[Collected data]
Segment Open

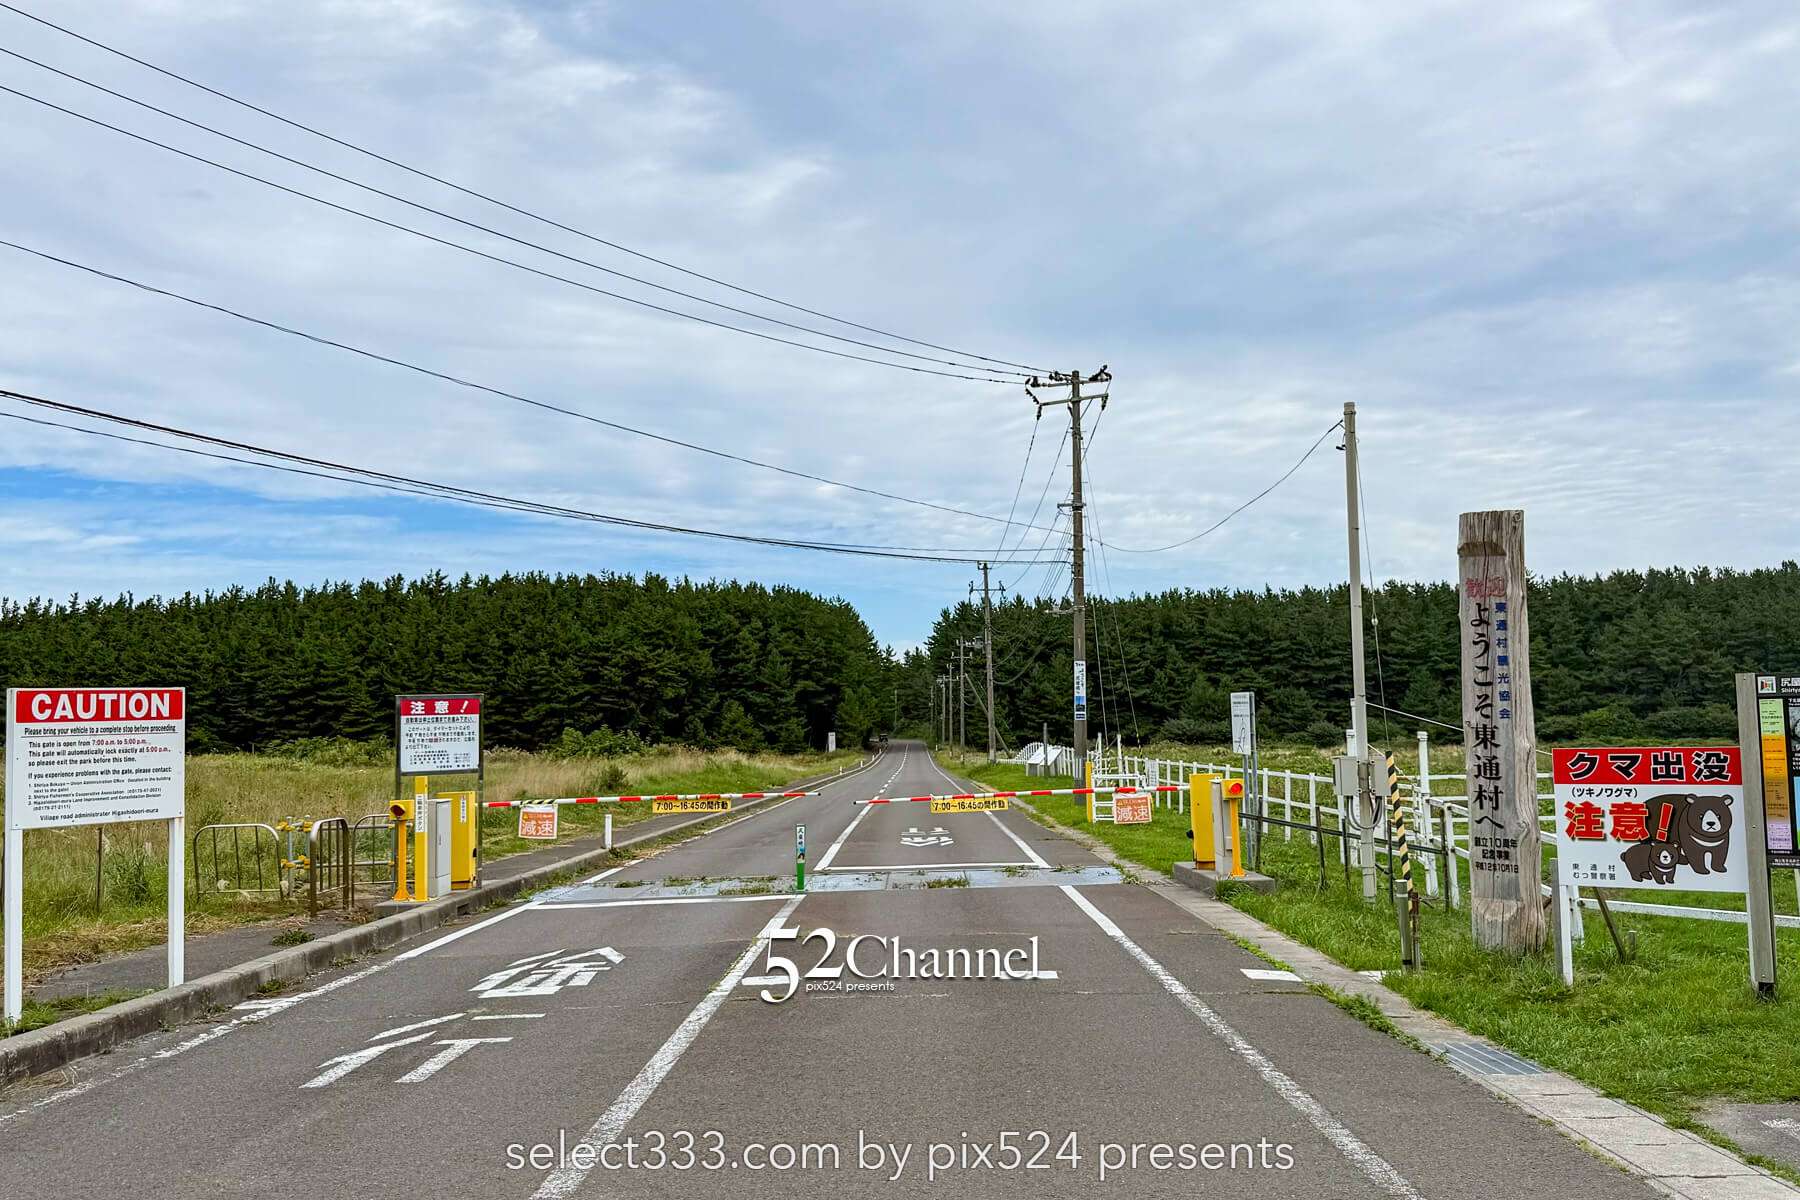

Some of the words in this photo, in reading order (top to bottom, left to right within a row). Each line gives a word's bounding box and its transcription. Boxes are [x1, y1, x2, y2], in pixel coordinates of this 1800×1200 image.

[1494, 602, 1512, 719] 東通村観光協会
[31, 693, 170, 720] CAUTION
[1470, 602, 1504, 829] ようこそ東通村へ
[1566, 751, 1732, 781] クマ出没
[1116, 805, 1149, 821] 減速
[521, 819, 553, 836] 減速

Segment Closed

_Task objective_: Without including any pictures, reproduce the data exactly.

_Result below_:
Some of the words in this photo, in reading order (top to bottom, left to right within a row). Each line gives a word's bounding box and its transcription. Boxes are [x1, y1, x2, y2], in pixel coordinates of this 1800×1200 image.

[1494, 602, 1512, 719] 東通村観光協会
[31, 693, 170, 720] CAUTION
[1470, 602, 1504, 829] ようこそ東通村へ
[1566, 751, 1732, 781] クマ出没
[1116, 805, 1149, 821] 減速
[521, 819, 553, 836] 減速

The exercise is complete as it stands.